(Dataset entries)
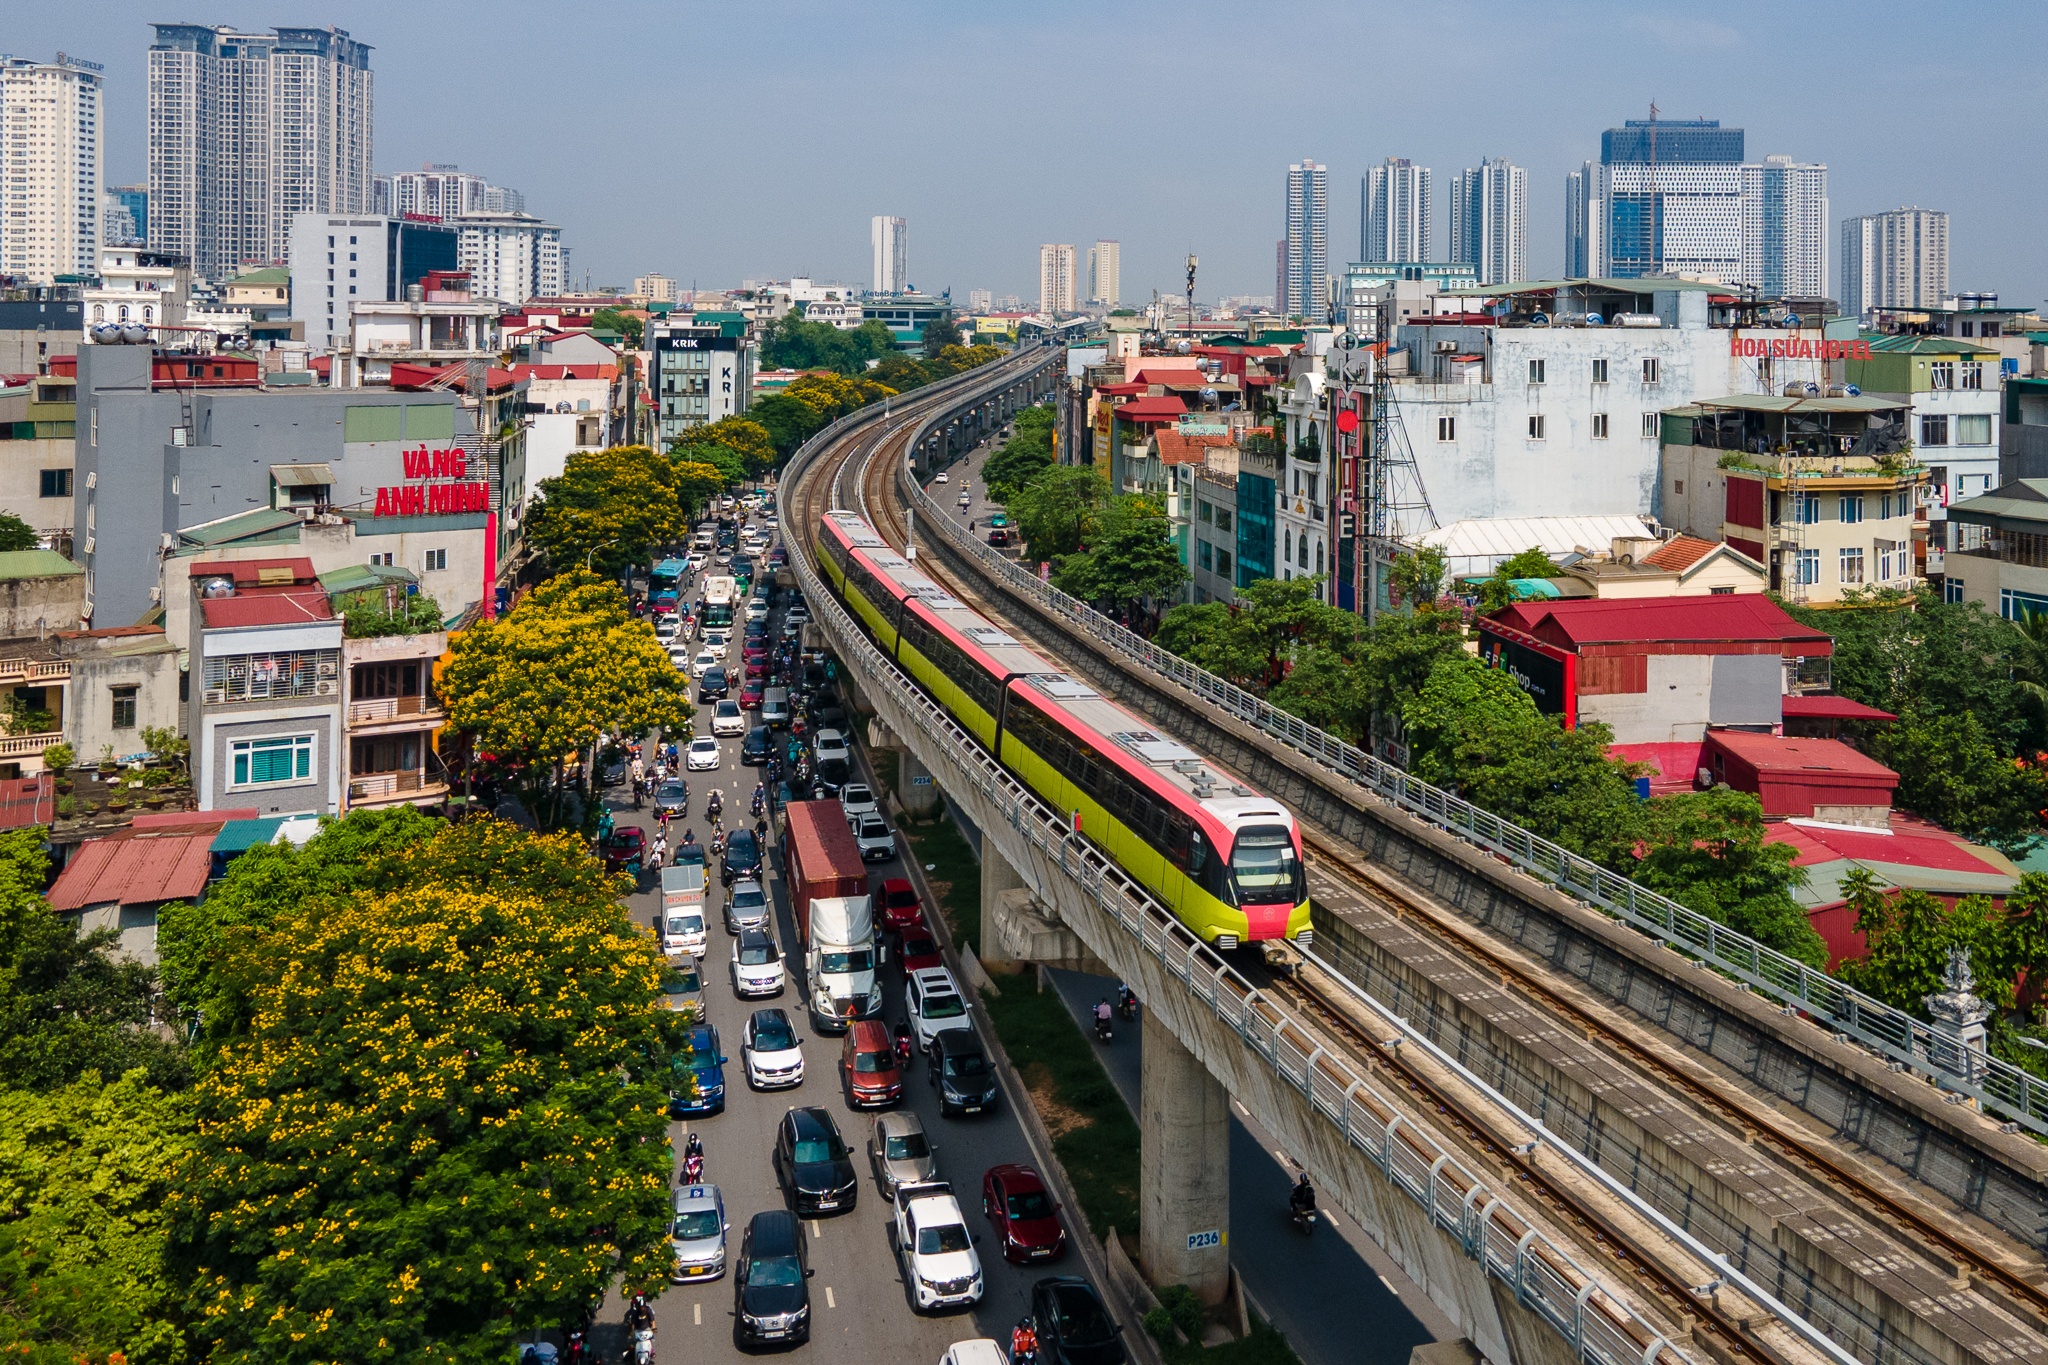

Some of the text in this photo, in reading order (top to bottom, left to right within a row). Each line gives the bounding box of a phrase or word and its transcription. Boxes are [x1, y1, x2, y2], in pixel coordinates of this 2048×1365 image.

[672, 339, 698, 348] KRIK
[1731, 334, 1874, 360] HOA SỮA HOTEL
[402, 444, 466, 478] VÀNG
[374, 482, 489, 517] ANH MINH
[1485, 650, 1505, 669] FPT
[1509, 665, 1530, 690] Shop
[1189, 1231, 1219, 1248] P236
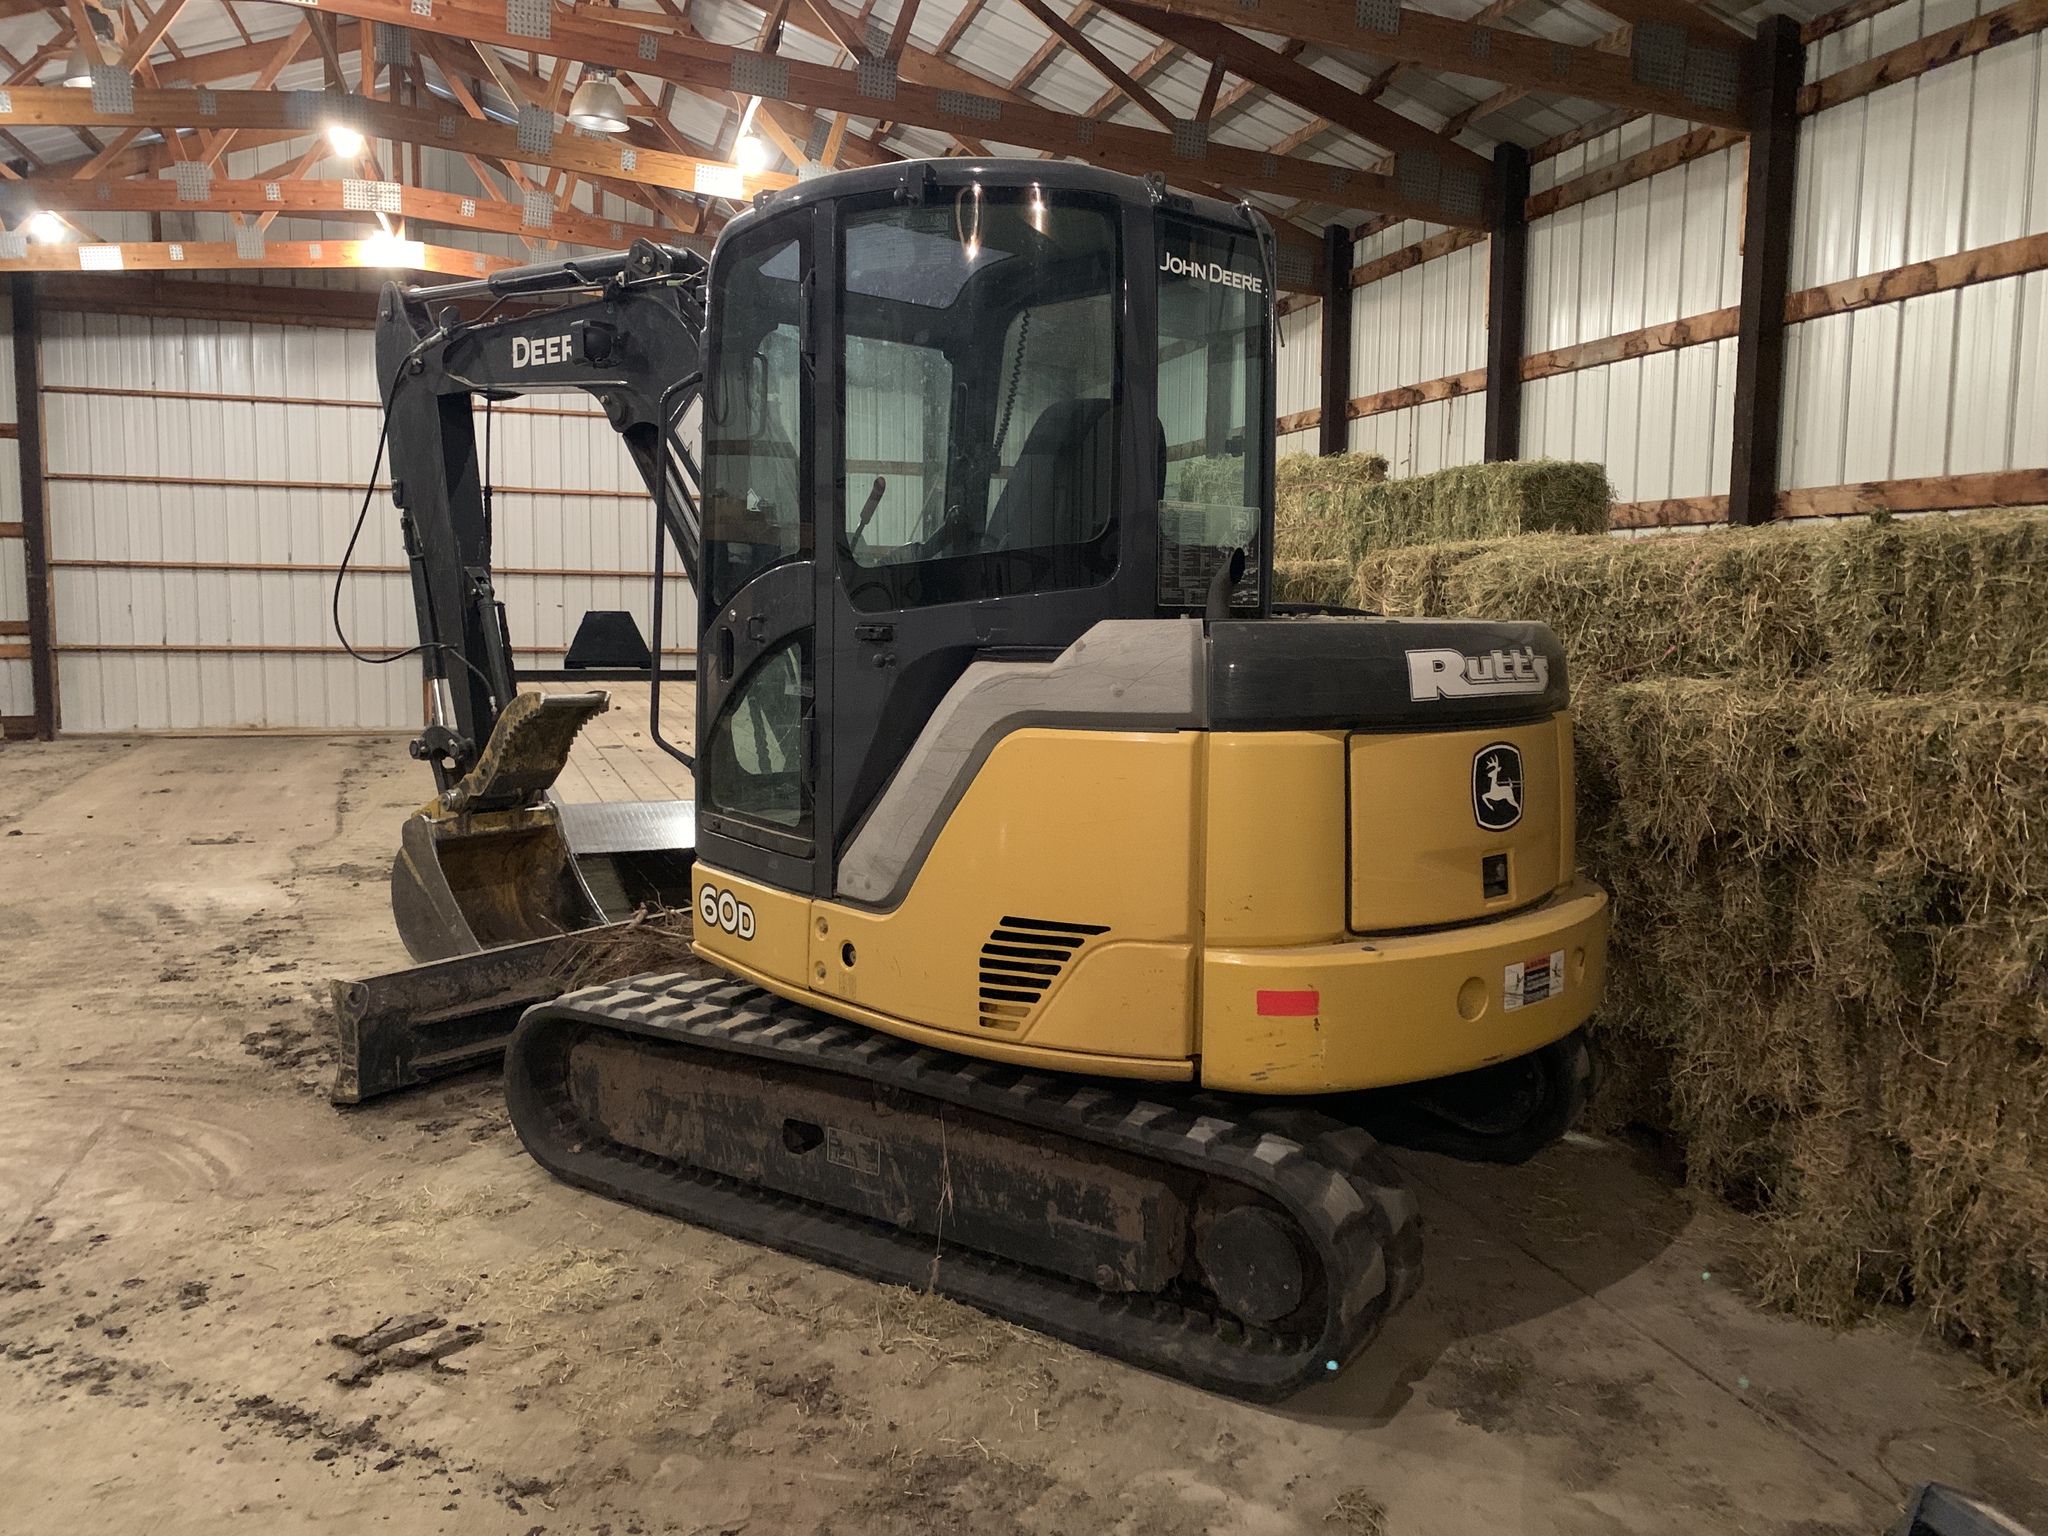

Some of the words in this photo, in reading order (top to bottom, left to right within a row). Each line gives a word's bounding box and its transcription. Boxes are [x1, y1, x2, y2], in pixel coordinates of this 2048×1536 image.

[1160, 251, 1207, 281] JOHN
[1209, 262, 1263, 294] DEERE
[511, 334, 573, 369] DEER
[1405, 646, 1550, 702] Rutt's
[699, 883, 756, 942] 60D
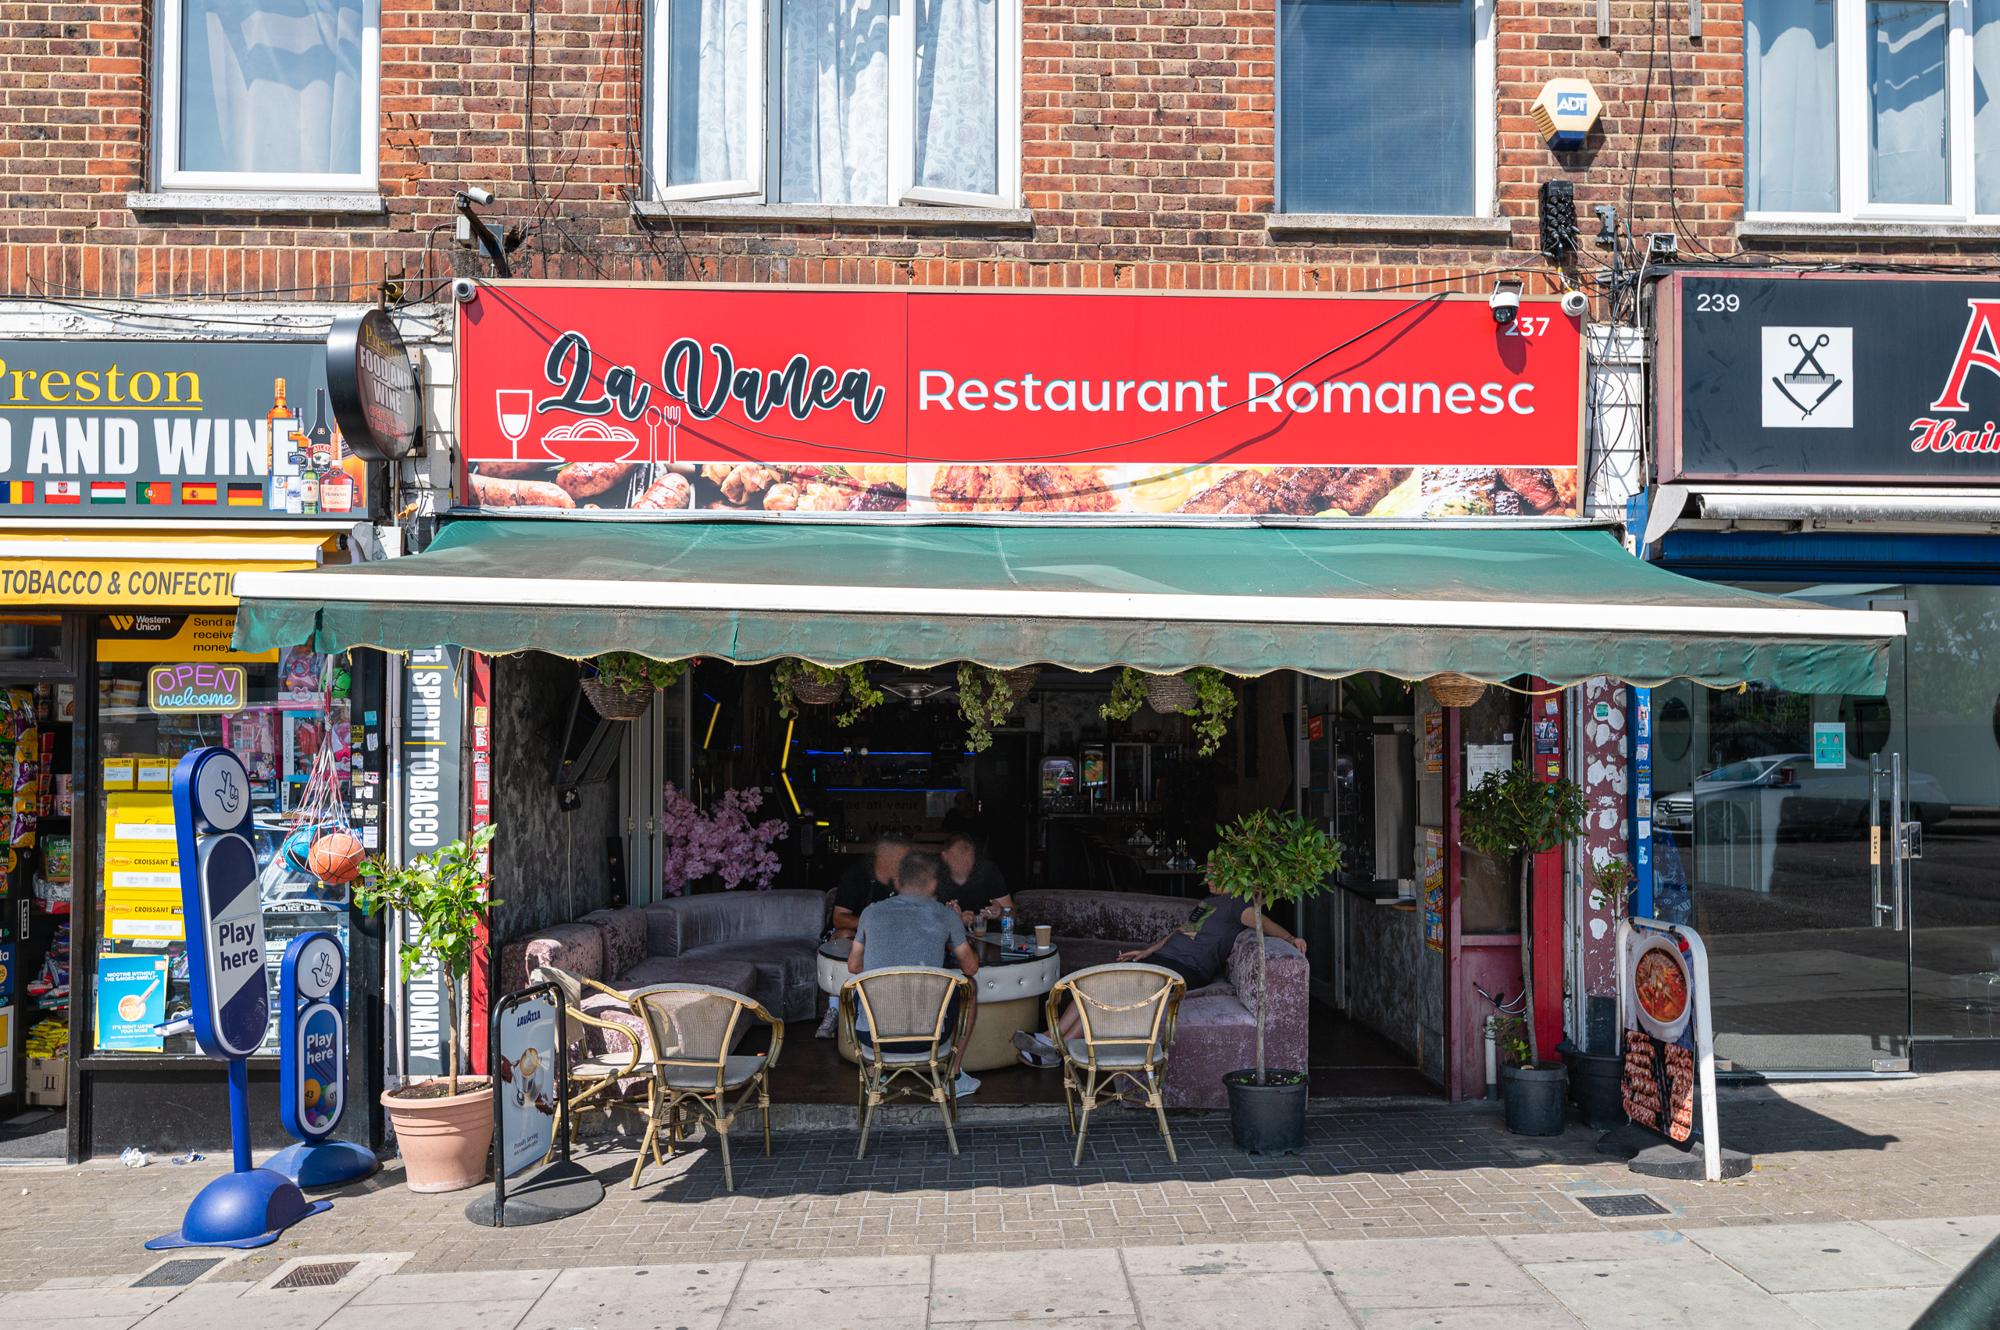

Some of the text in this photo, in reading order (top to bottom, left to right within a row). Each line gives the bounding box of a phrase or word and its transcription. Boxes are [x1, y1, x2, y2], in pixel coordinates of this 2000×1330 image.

__Action item__.
Make an exact copy of the records above, with the pictures left out.

__Reply__.
Some of the text in this photo, in reading order (top to bottom, left to right within a row). Each line gives the bounding box of a phrase or word and its transcription. Boxes are [x1, y1, x2, y2], in pixel coordinates of this 2048×1365 image.

[672, 339, 698, 348] KRIK
[1731, 334, 1874, 360] HOA SỮA HOTEL
[402, 444, 466, 478] VÀNG
[374, 482, 489, 517] ANH MINH
[1485, 650, 1505, 669] FPT
[1509, 665, 1530, 690] Shop
[1189, 1231, 1219, 1248] P236

Some of the words in this photo, in reading order (top to bottom, left to right within a row). Each line gives a word's bounding box and its transcription. Boxes are [x1, y1, x2, y2], in pixel coordinates of this 2048×1536 image.

[1160, 251, 1207, 281] JOHN
[1209, 262, 1263, 294] DEERE
[511, 334, 573, 369] DEER
[1405, 646, 1550, 702] Rutt's
[699, 883, 756, 942] 60D

Some of the text in this photo, in reading order (top to bottom, left to right within a row). Each line gives the bounding box of a phrase or word and its transcription. Boxes are [x1, y1, x2, y2], in pixel coordinates of this 2000×1330 image.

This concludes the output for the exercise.